The UK Government is doing worse at reducing air pollution, protecting wildlife and preventing flooding, a group of MPs have said.
The Environmental Audit Committee (EAC) assessed 10 areas of environmental policy and gave a “red card” on the efforts made since 2010.
The MPs said a further seven green issues deserved a “yellow card”, showing unsatisfactory progress.
Prime Minister David Cameron had said he was committed to leading the “greenest government ever” after coming into power four years ago.
On air quality, the EAC found emissions of airbourne pollutants rose in 2013 after being steady for a number of years prior to that. Under the EU directive, the UK failed to meet the standards required in 34 of the nation’s 43 zones.
The Committee’s report also found climate change is putting increased pressure on coastal and flooding defences and around 2.4 million properties are still at risk from flooding from rivers or the sea and three million are at risk from surface water.
The EAC is calling for the creation of new legal commitments to protect the environment and to be overseen by a new ‘Office for Environmental Responsibility’. It is also urging political parties to consider environmental protection in their manifestos.
Chair of the Committee Joan Walley MP said: “Our inquiry provides a wide ranging examination of the state of the environment and shows that further and continued effort is required to protect it properly.”

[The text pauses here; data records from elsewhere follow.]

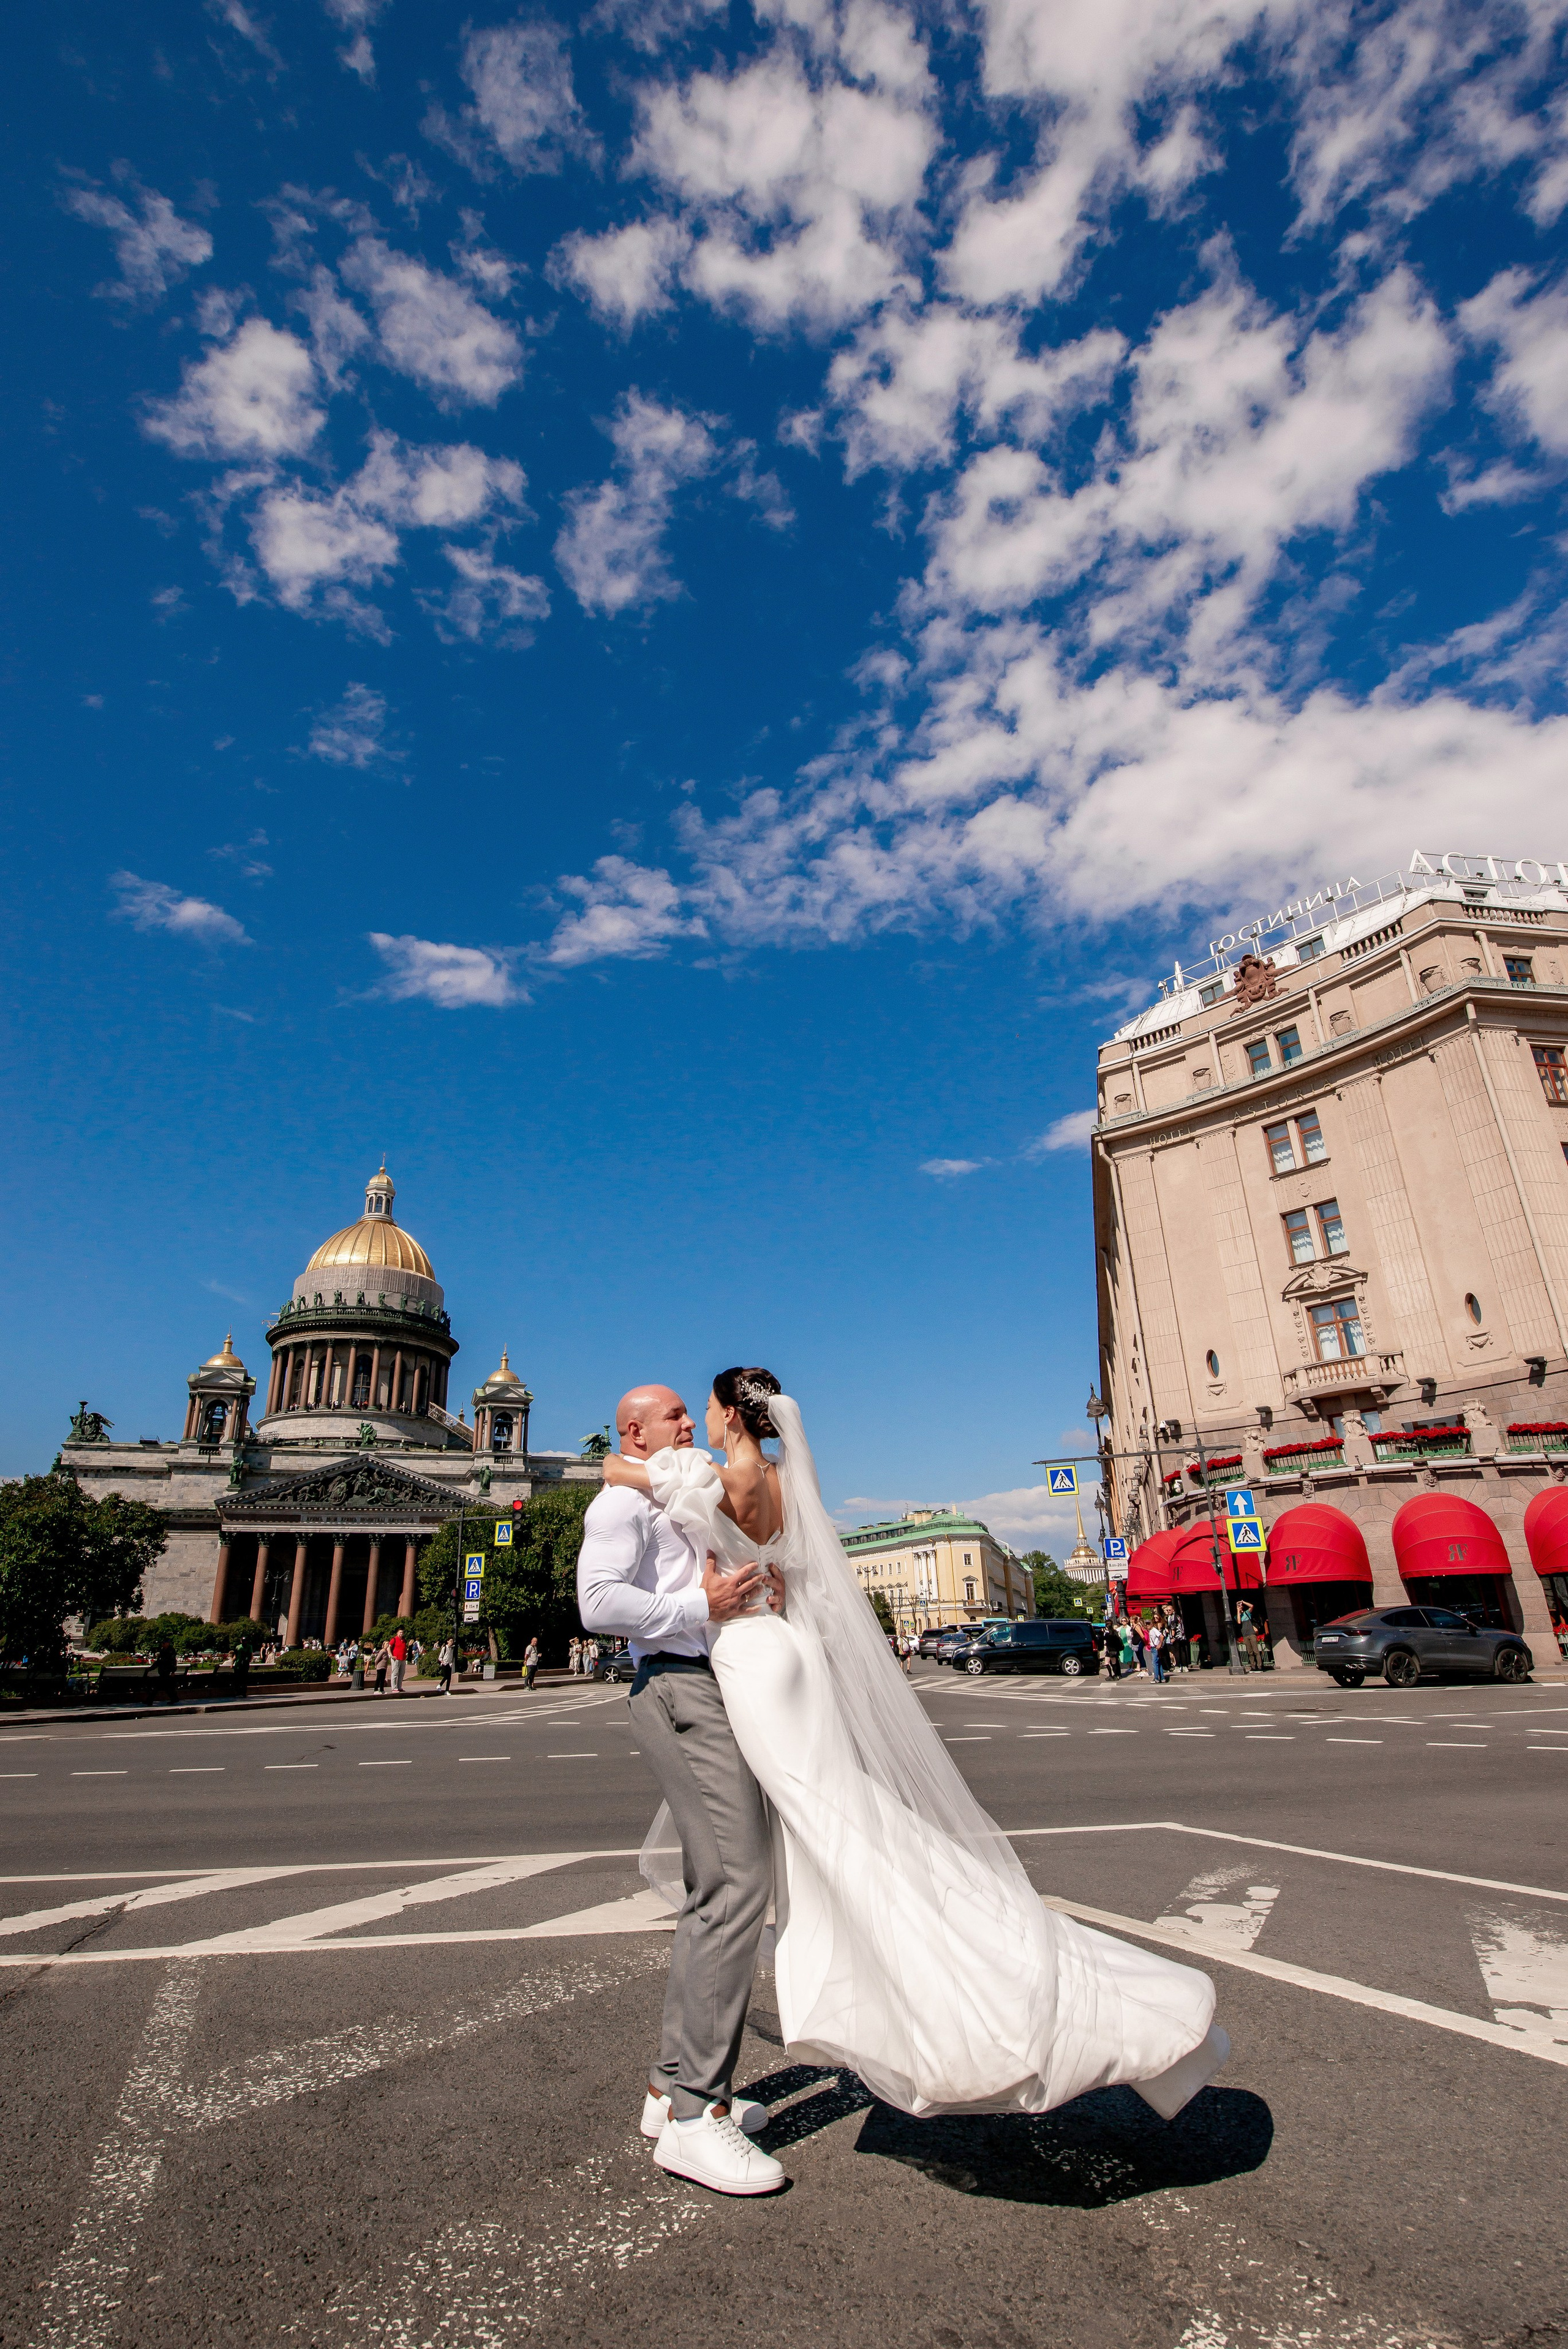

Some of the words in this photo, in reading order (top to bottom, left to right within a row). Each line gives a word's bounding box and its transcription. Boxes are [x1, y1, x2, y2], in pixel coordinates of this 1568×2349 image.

[1209, 876, 1362, 957] ГОСТИНИЦА
[1150, 1127, 1194, 1148] HOTEL
[1233, 1078, 1333, 1123] ASTORIA
[1375, 1037, 1427, 1069] HOTEL
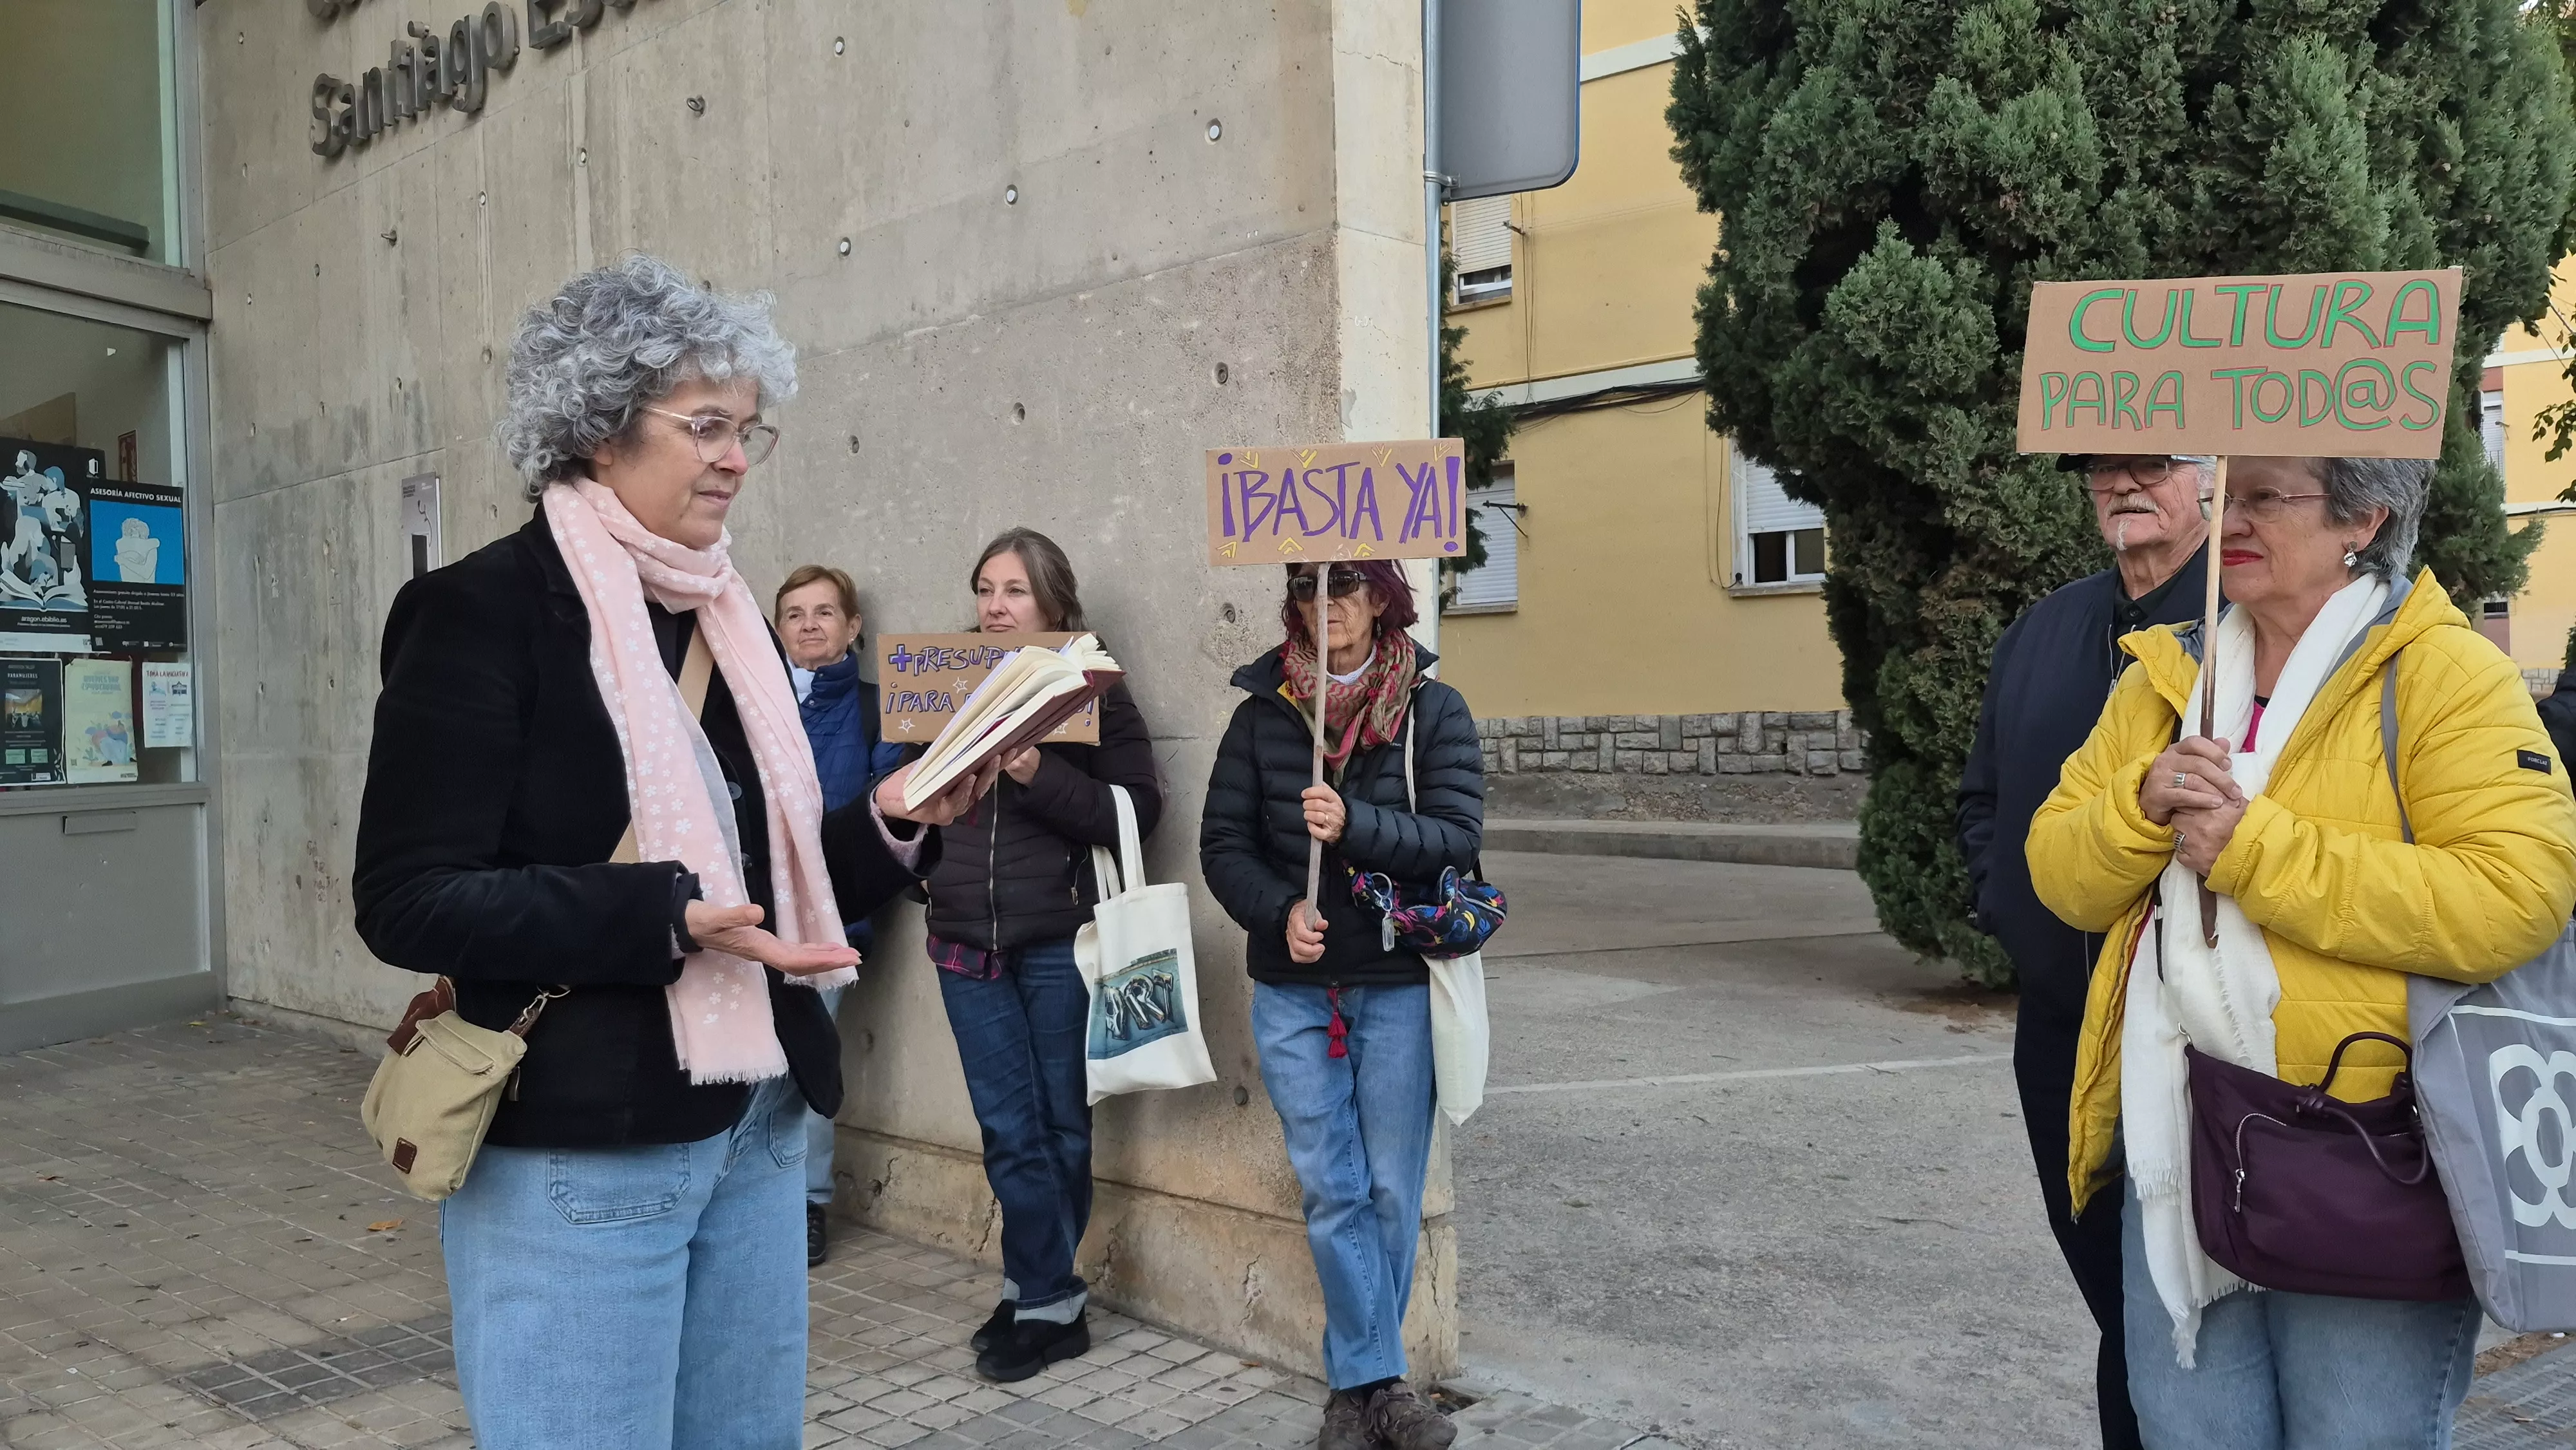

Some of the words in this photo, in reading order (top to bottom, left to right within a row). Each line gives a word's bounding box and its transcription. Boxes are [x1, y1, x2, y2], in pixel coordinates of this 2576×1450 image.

[310, 1, 517, 157] Santiago
[2069, 278, 2442, 353] CULTURA
[2038, 369, 2186, 431] PARA
[2210, 358, 2441, 431] TOD@S
[90, 487, 123, 497] ASESORÍA
[124, 491, 155, 500] AFECTIVO
[156, 494, 182, 503] SEXUAL
[1217, 453, 1384, 543] ¡BASTA
[1395, 456, 1461, 552] YA!
[888, 644, 1065, 676] +PRESUP
[886, 683, 956, 713] ¡PARA
[2527, 757, 2548, 766] FORCLAZ

The Department for Environment, Food & Rural Affairs (Defra) said it is “deeply committed” to improving the environment and “completely disagreed” with the Committee’s assessment
A spokesperson added: “We will be spending more than £3.2 billion – compared to £2.7 billion in the last Parliament – on protecting the country from floods. We are also working to improve air and water quality and to protect wildlife habitats both on land and at sea.”